=== Section Start ===

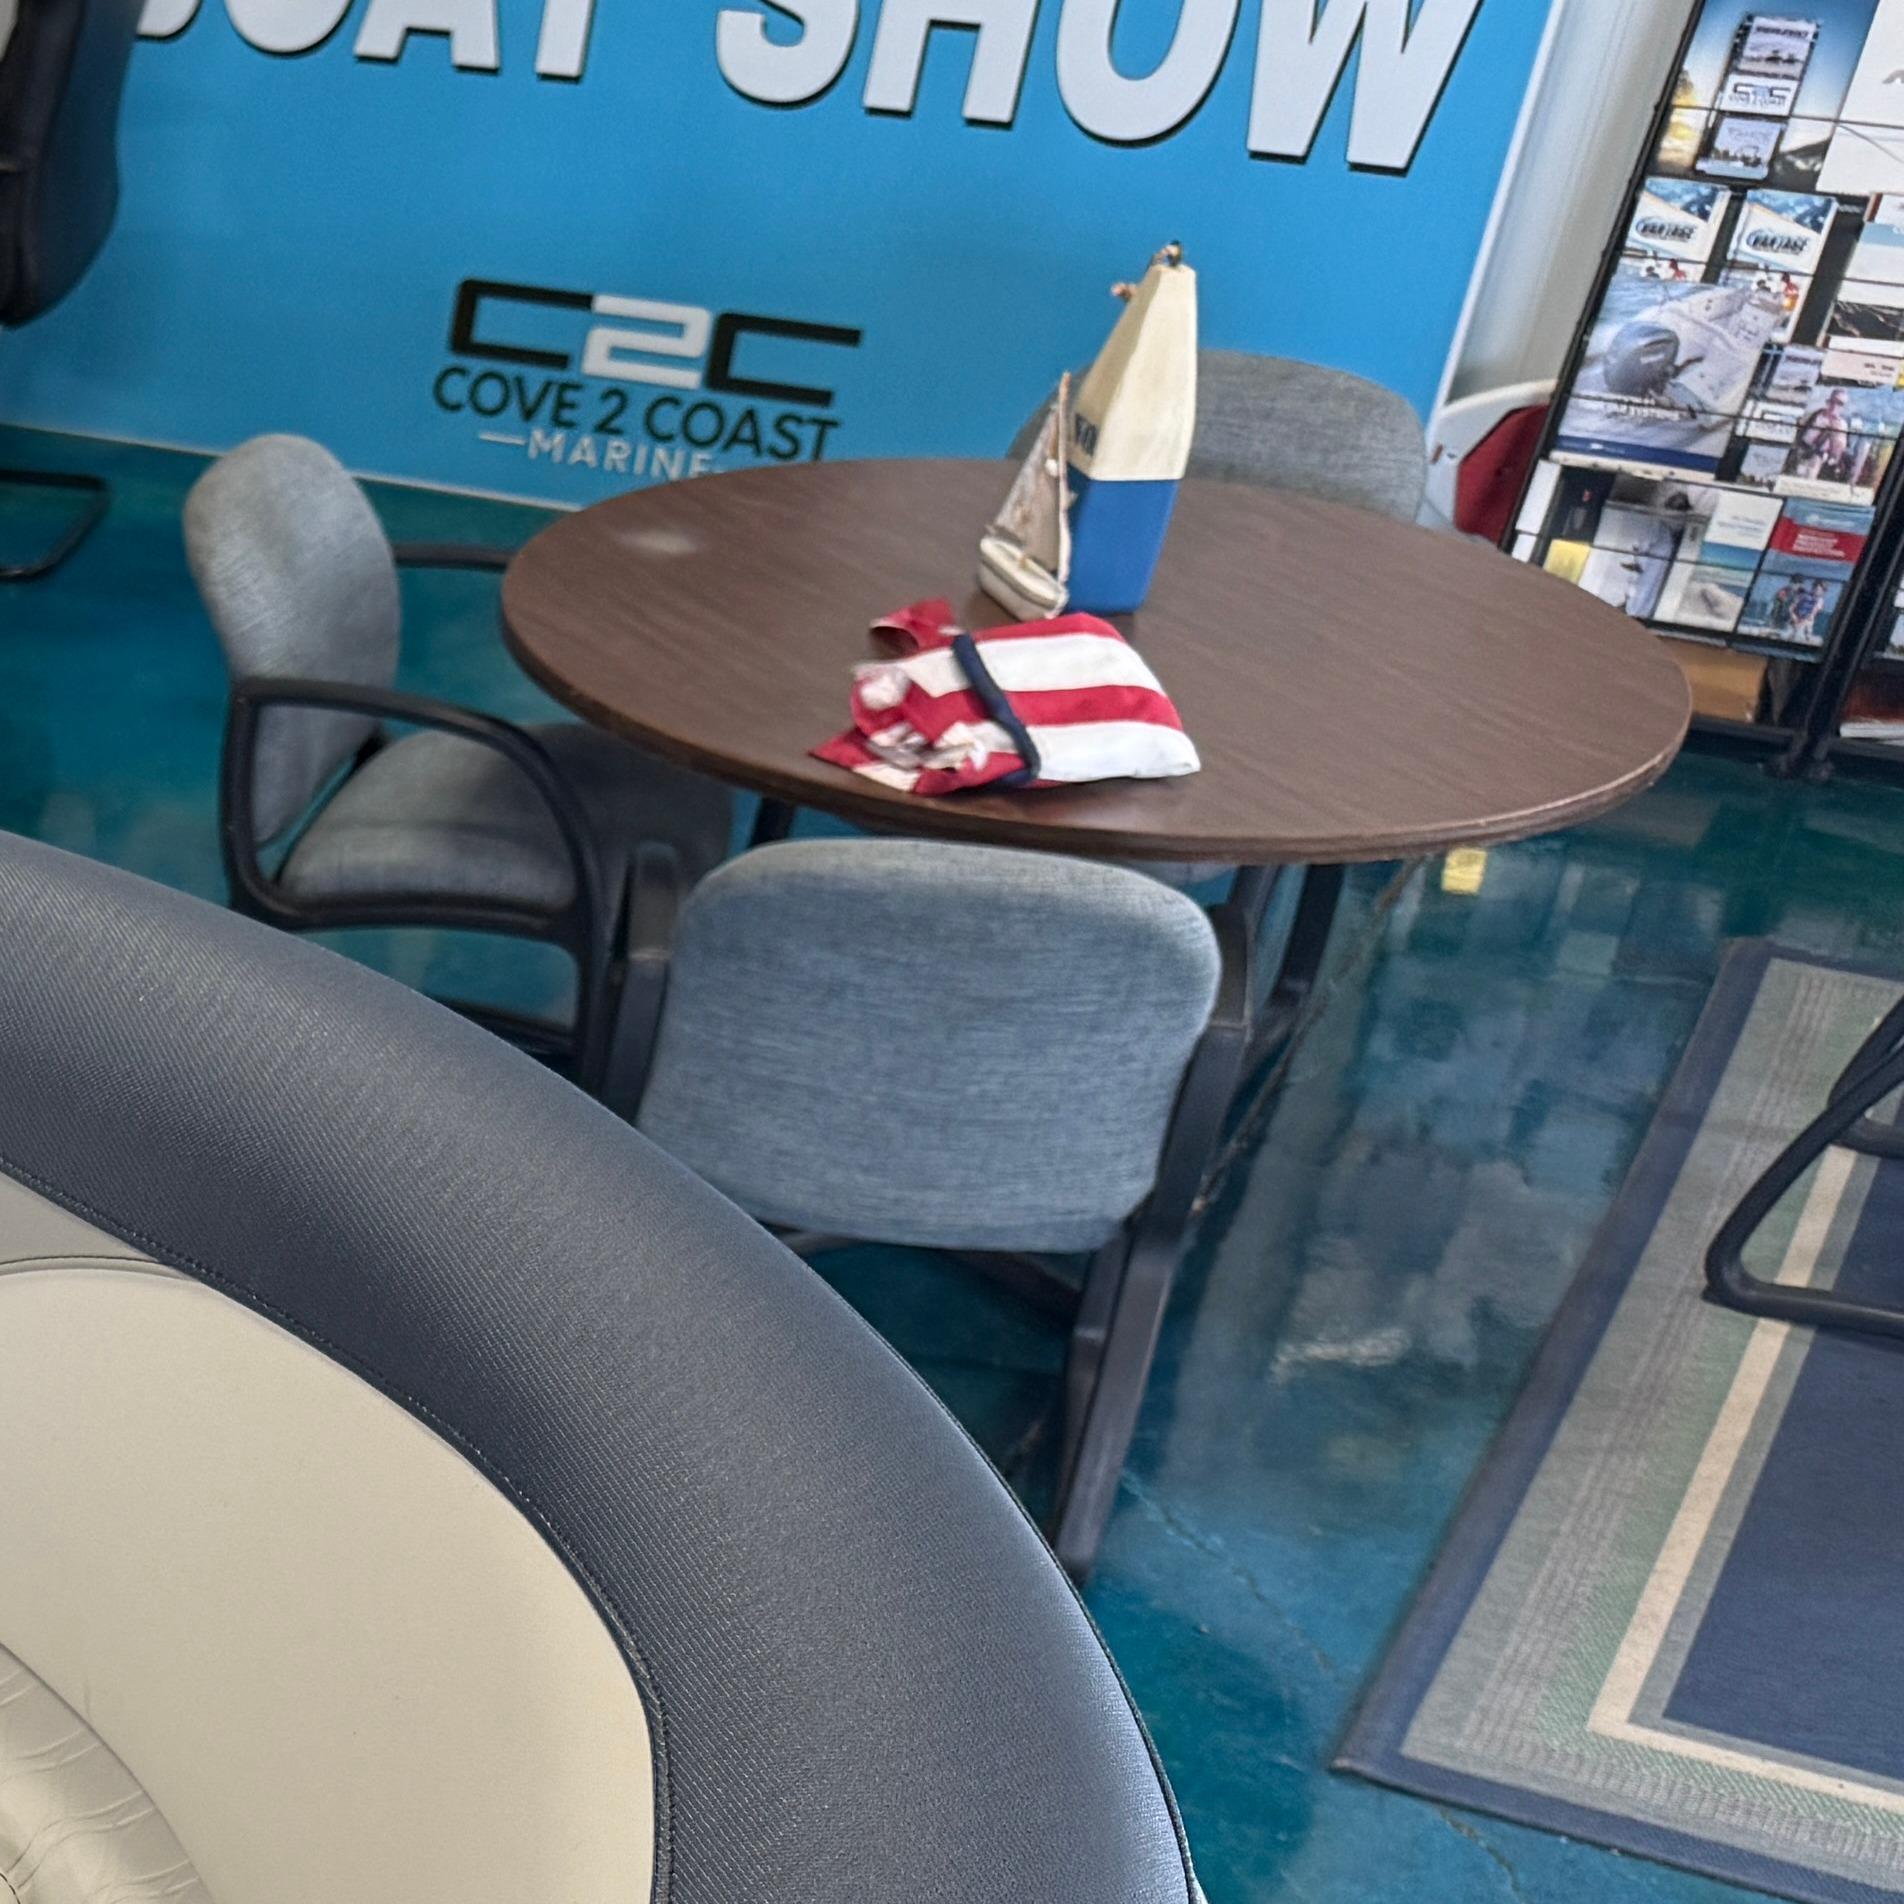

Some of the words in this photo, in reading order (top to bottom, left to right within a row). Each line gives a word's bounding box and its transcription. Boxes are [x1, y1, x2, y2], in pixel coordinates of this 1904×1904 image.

[448, 278, 863, 408] C2C
[432, 366, 584, 429] COVE
[594, 387, 629, 437] 2
[643, 395, 842, 462] COAST
[526, 428, 715, 481] MARINE
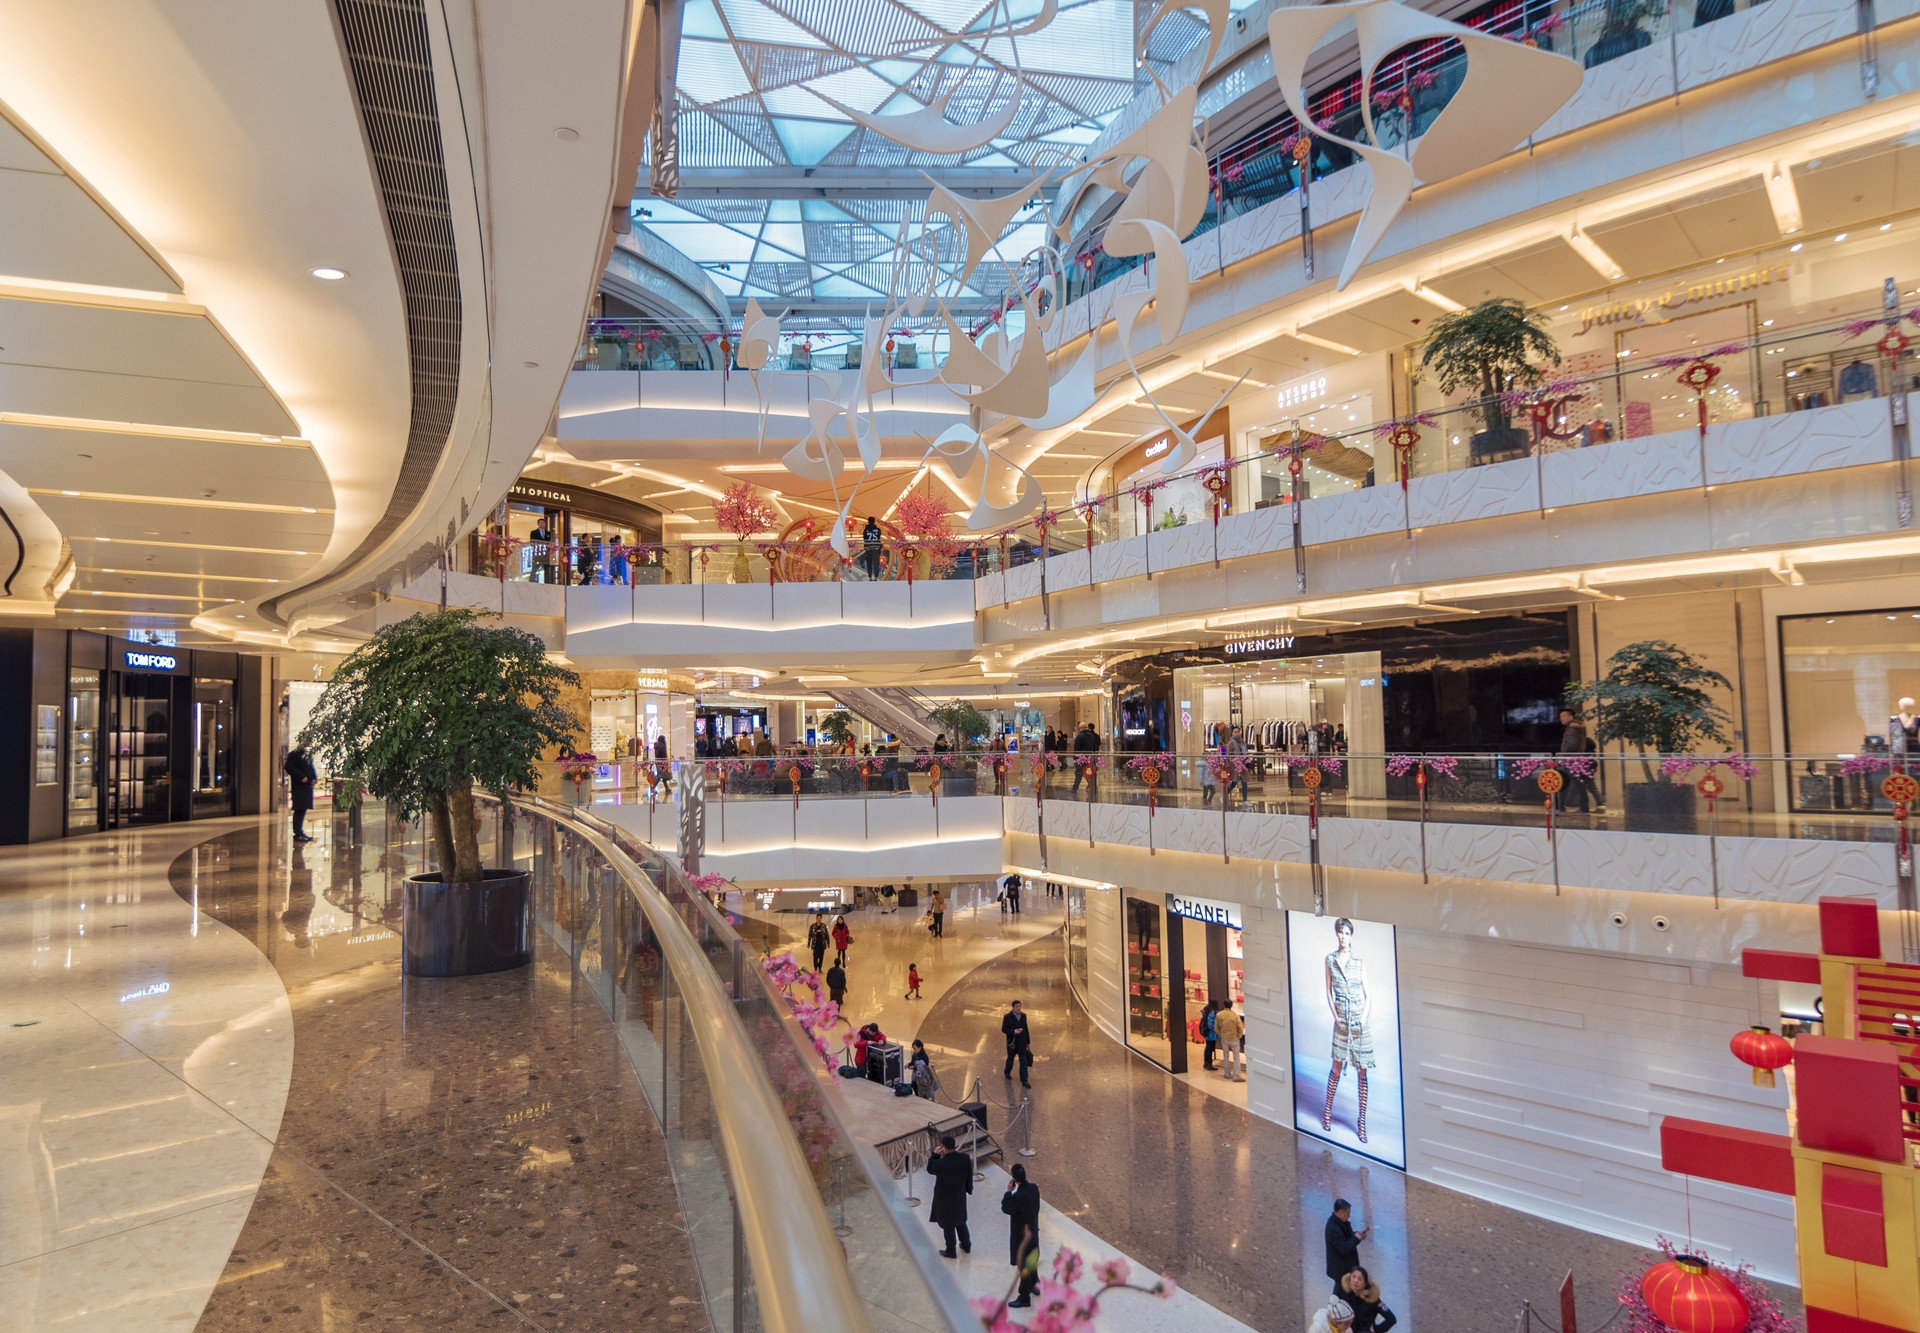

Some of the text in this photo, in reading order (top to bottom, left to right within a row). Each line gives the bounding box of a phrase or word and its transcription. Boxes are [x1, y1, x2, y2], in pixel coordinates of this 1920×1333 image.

=== Section End ===

Exercise: Pictures are to be dropped, and every record is to be copied exactly.

Written reply:
Some of the words in this photo, in reading order (top to bottom, left to right within a row). Each line gives a word's bounding box and its transcription. Boxes are [x1, y1, x2, y2], in pixel coordinates of this 1904×1904 image.

[448, 278, 863, 408] C2C
[432, 366, 584, 429] COVE
[594, 387, 629, 437] 2
[643, 395, 842, 462] COAST
[526, 428, 715, 481] MARINE

Some of the text in this photo, in reading order (top to bottom, left to right within a row). Each line gives the bounding box of a phrase or word and its transcription. Boxes are [x1, y1, x2, y2], in pixel coordinates of this 1920×1333 image.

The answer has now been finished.